Saturday, November 19, 2011

The Genealogy of Writing Systems

What do the surnames Staszak, Schöndorf, Chêneau and Jaroš have in common? Beside being in my family tree, they all share a common sound. Polish "sz", German "sch", French "ch" and Czech "š" are the same sound, the sound represented in English by the combination "sh" or in the International Phonetic Alphabet by the symbol "ʃ". Why are there so many ways of representing this sound in different languages?

To answer this question, we must understand that writing systems, like people, have genealogies. In this case, all these writing system have a common ancestor, Latin. The reason there are so many different ways of representing the "sh" sound is that this sound is not found in Latin. As the Latin alphabet came to be adopted for other languages, people came up with ways of representing sounds not found in Latin.

There are four ways to do this. The examples below show some of the many ways that the "sh" sound is represented.
1. Combine letters to represent new sounds (Polish "sz" German "sch" and English "sh")
2. Modify existing letters by adding extra symbols called diacritics (Czech "š" and Turkish "ş")
3. Use a letter in a new way (Maltese "x")
4. Create a new symbol or borrow one from a different writing system (I can't think of any examples for this sound, but there are cases for other sounds like Old Norse þ for the "th" sound in "thorn")
In many cases, especially with languages without a long written history, the new writing system was often created by an individual or a committee. However, in languages with long written histories, things are much more complicated. For example, French is an ancestor of Latin in two ways. It owes not only its alphabet to Latin, but the language itself. The "ch" which represents the "sh" sound developed from an earlier "k" sound, or hard "c". The development in this cases was more gradual and less deliberate.

Although we often assume a deep connection between a language and how it is written, this is perhaps the aspect of a language that is most easily changed. Turkey did away with the Arabic script in the first half of the twentieth century and adopted a modified Latin script. In some cases, a single language or two very closely related languages may adopt two different systems, like Serbian (Cyrillic script) and Croatian (Latin script) or Hindi (Devanagari script) and Urdu (Arabic script).

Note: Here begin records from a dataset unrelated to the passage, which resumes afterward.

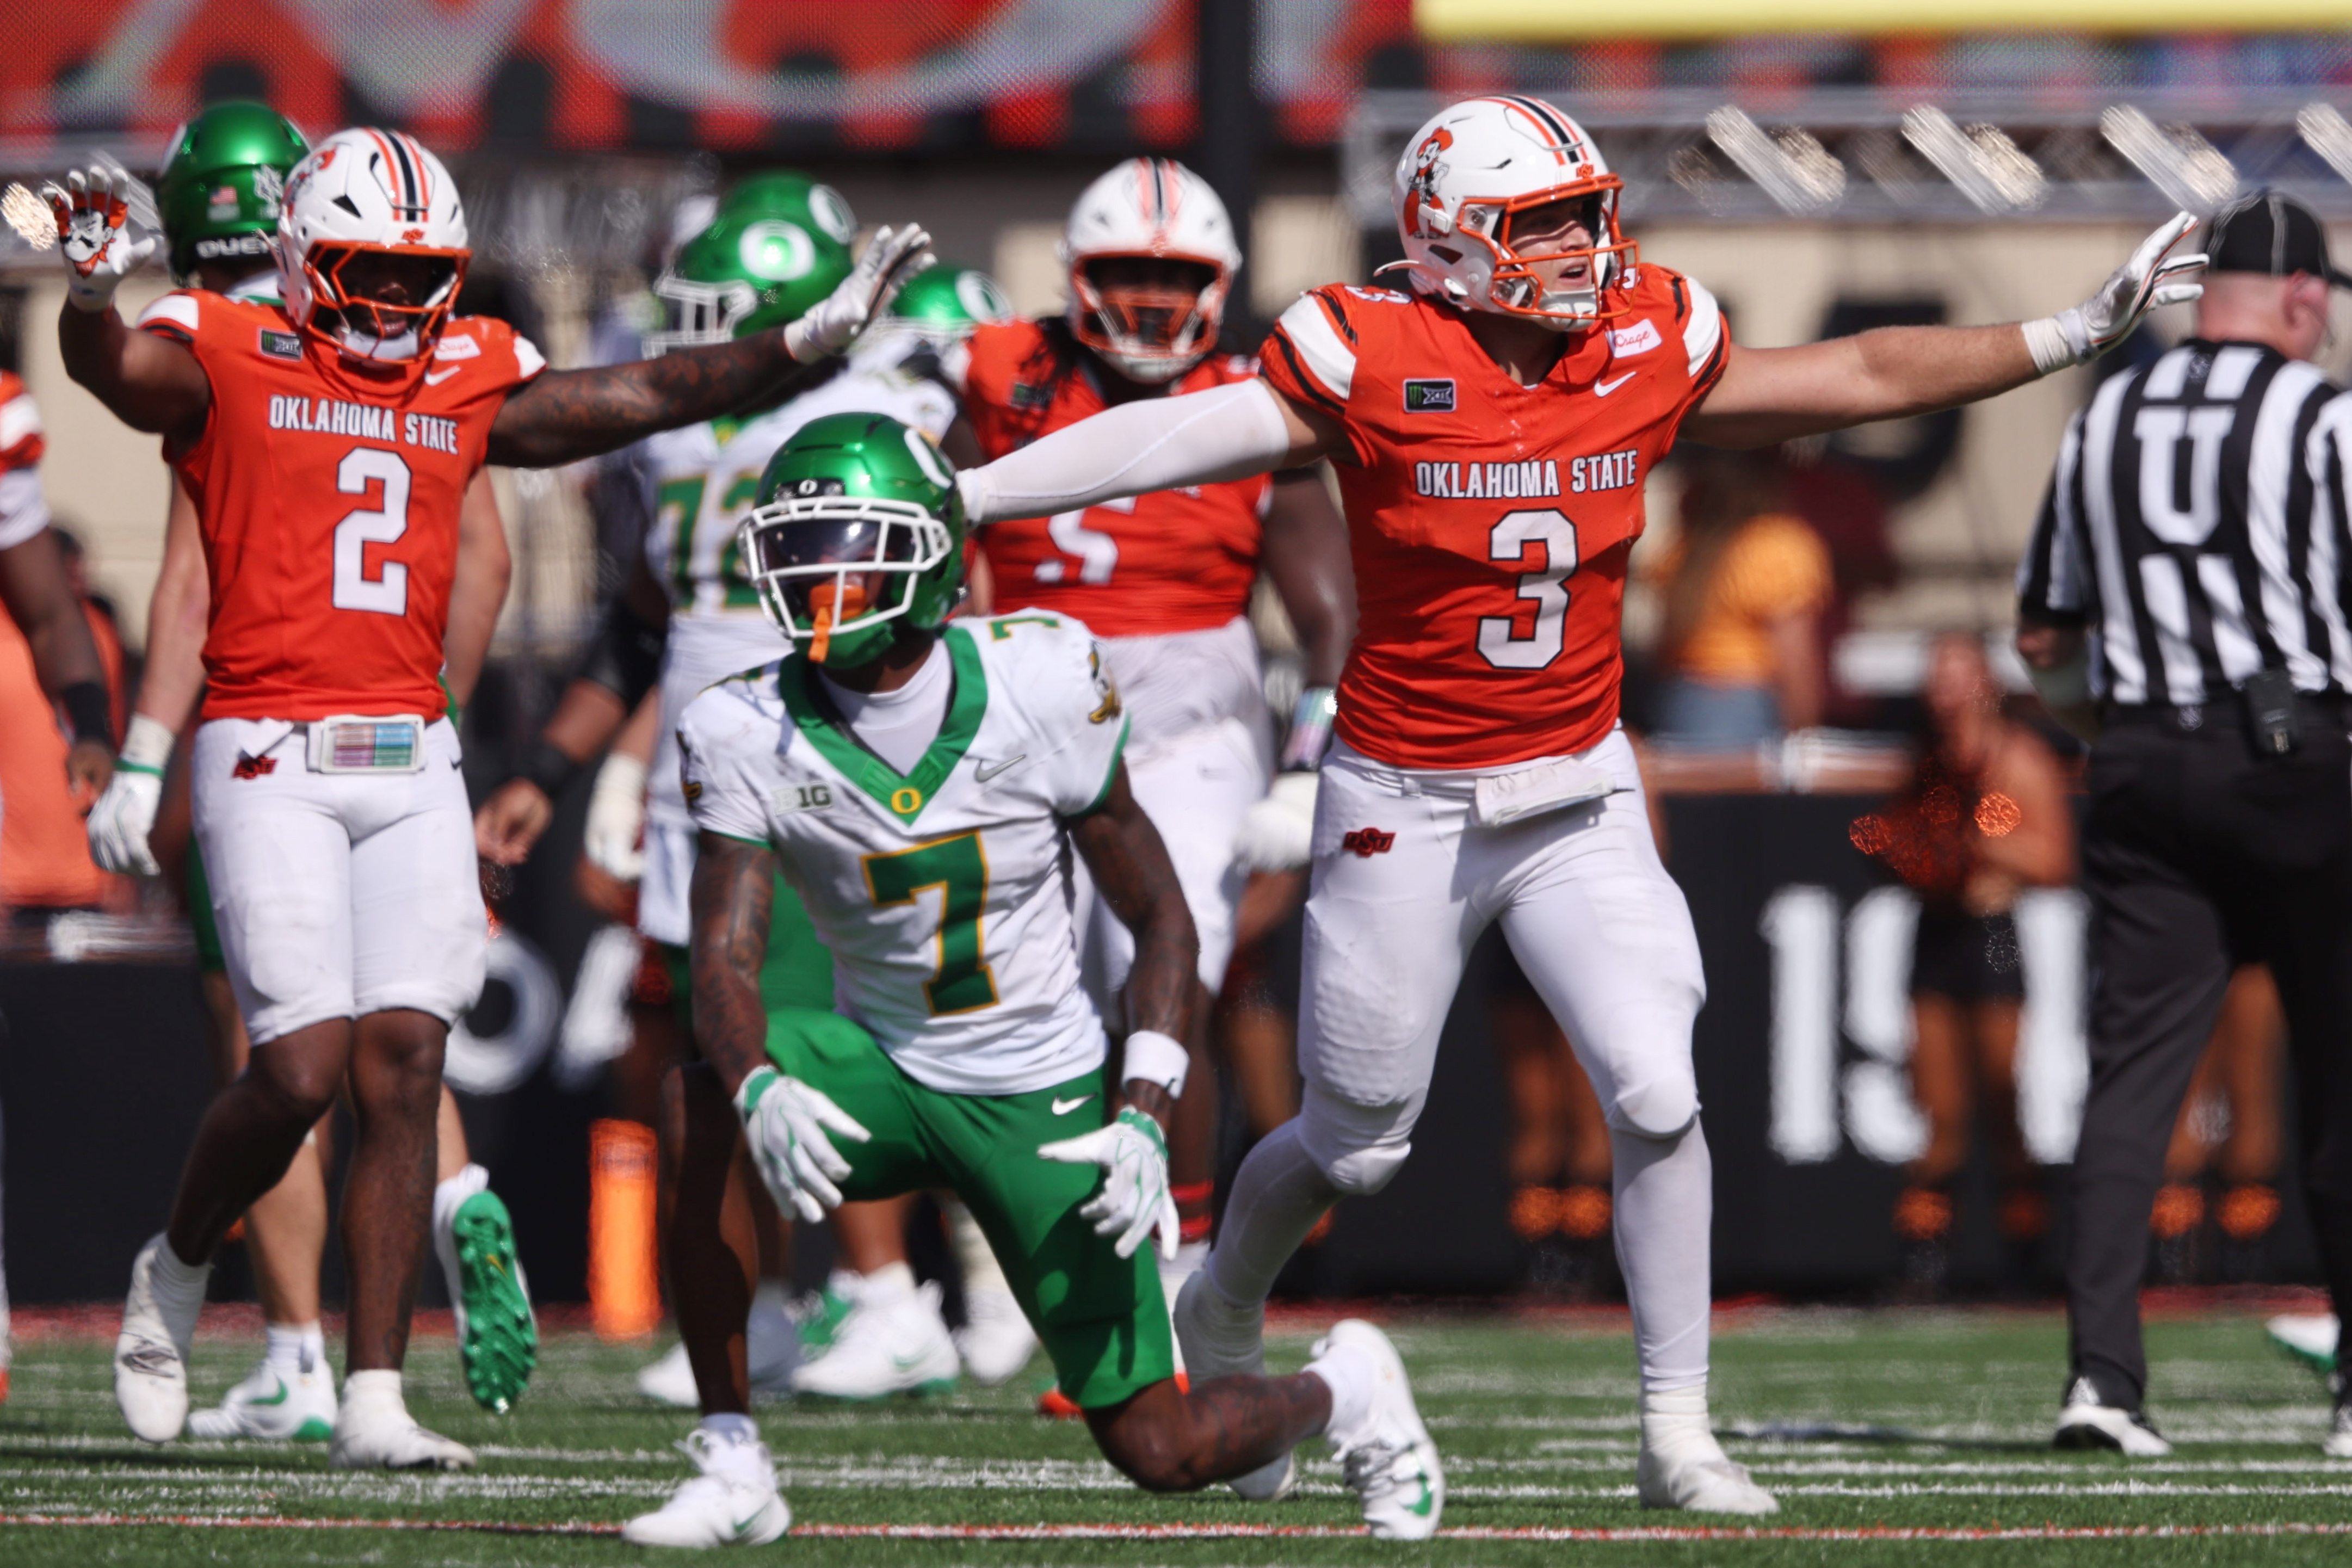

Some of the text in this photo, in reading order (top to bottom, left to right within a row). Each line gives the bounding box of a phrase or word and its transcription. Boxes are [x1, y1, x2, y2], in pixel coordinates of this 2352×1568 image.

[269, 394, 459, 455] OKLAHOMA STATE
[1415, 449, 1638, 499] OKLAHOMA STATE
[2132, 405, 2237, 546] U
[332, 446, 412, 618] 2
[1476, 508, 1579, 671] 3
[890, 787, 922, 814] O
[859, 828, 1000, 1017] 7
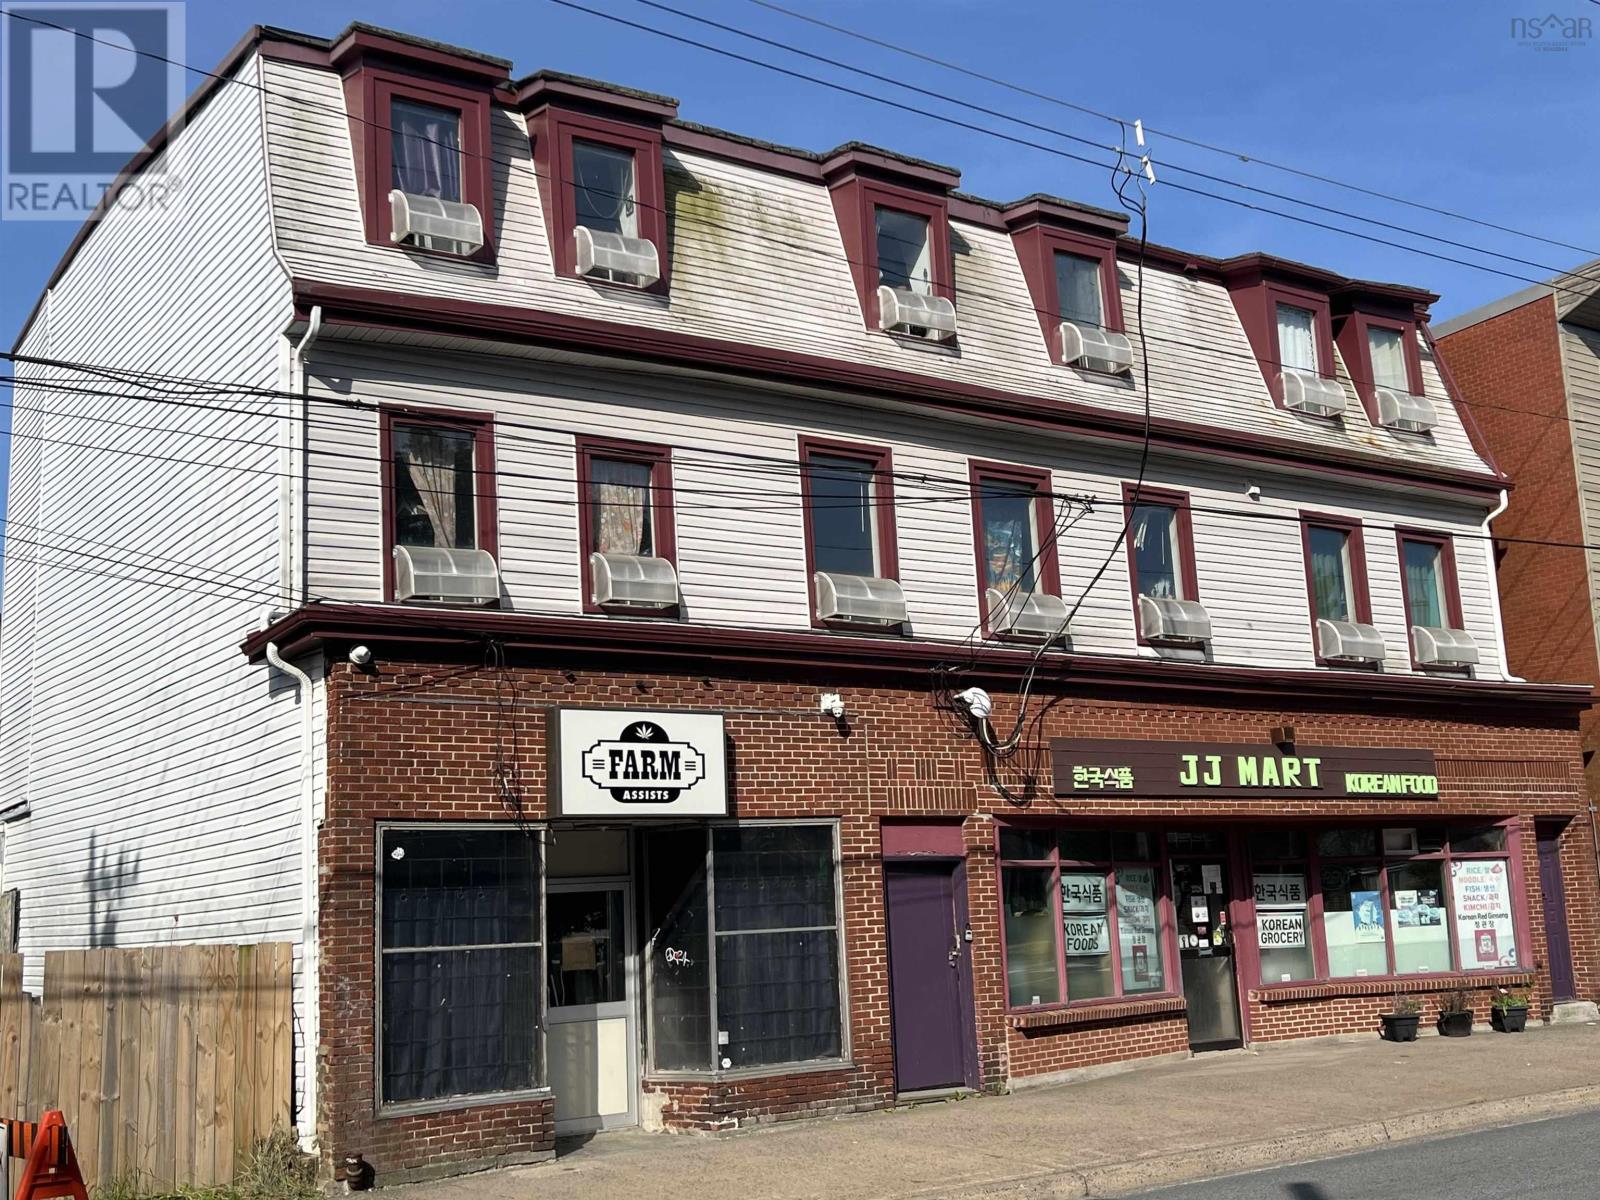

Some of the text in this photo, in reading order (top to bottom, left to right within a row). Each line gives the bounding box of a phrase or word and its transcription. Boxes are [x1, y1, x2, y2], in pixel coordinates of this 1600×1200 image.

[608, 749, 681, 780] FARM
[1072, 766, 1134, 789] 한국식품
[1237, 756, 1321, 787] MART
[623, 790, 669, 800] ASSISTS
[1063, 922, 1104, 936] KOREAN
[1261, 919, 1302, 930] KOREAN
[1066, 937, 1099, 950] FOODS
[1260, 931, 1303, 943] GROCERY
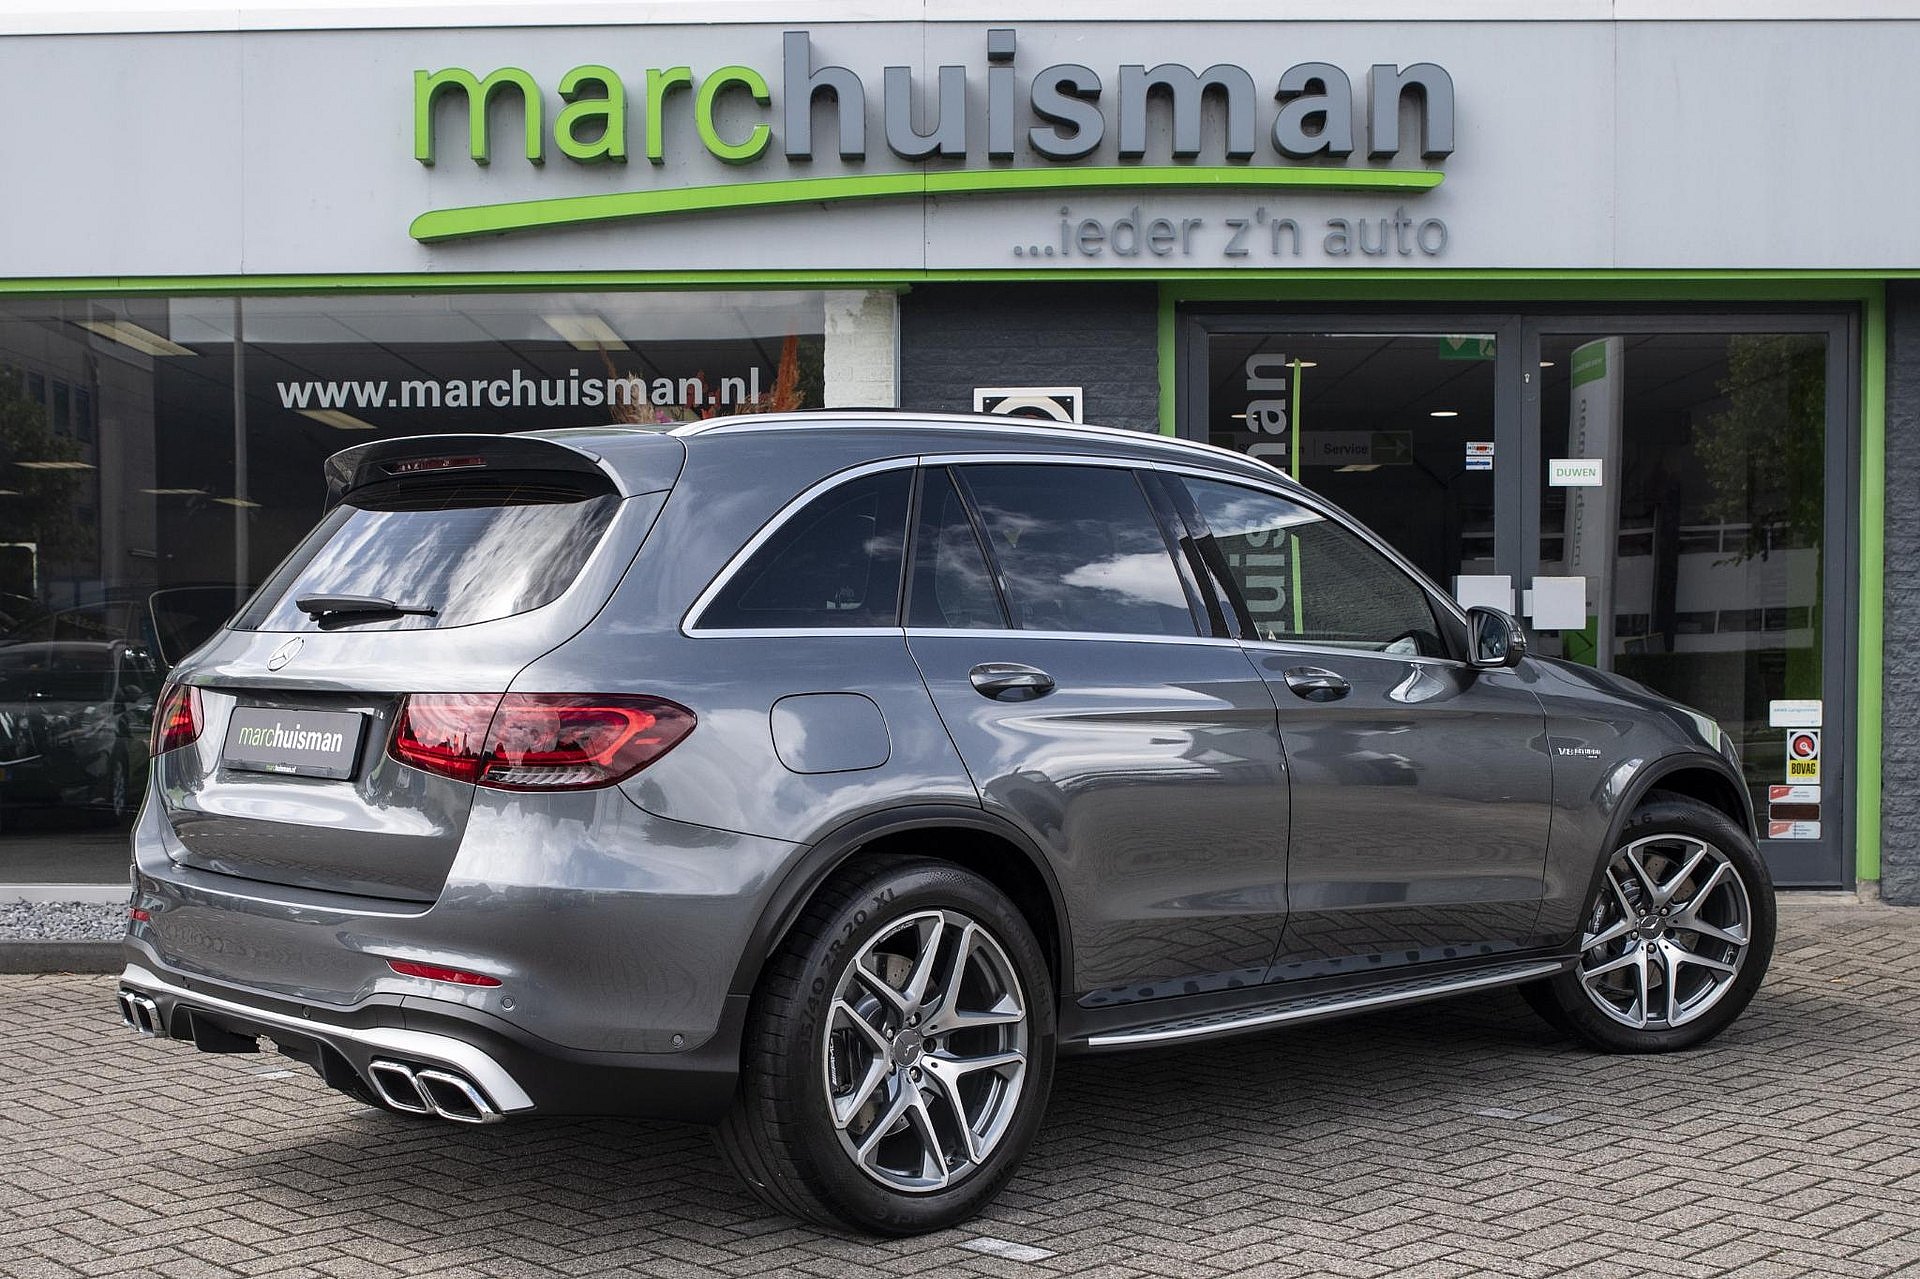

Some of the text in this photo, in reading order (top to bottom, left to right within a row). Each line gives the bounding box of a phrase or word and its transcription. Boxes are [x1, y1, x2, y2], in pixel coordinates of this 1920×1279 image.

For genealogists, an awareness of these differences between scripts can come in handy. A single surname may be spelled in many ways depending on the context. For a German name starting with "sch" like Schulz, don't be surprised if it is rendered by an English speaker as Shulz. Things are especially complicated for a language like Czech. A name like Jaroš may be spelled Jarosch, as it frequently was when Bohemia was a part of the German-language-dominated Austrian Empire. In Poland, this name might become Jarosz and, in the English-speaking world, Jarosh. Knowing something about the history of your family and where they're from and the languages of the region can help you better search for your ancestors.

2 comments:

  1. And don't forget "s" in Hungarian - the name would be spelled Jaros, but pronounced Jarosh (and to confuse things further, sz for the plain old "s" sound).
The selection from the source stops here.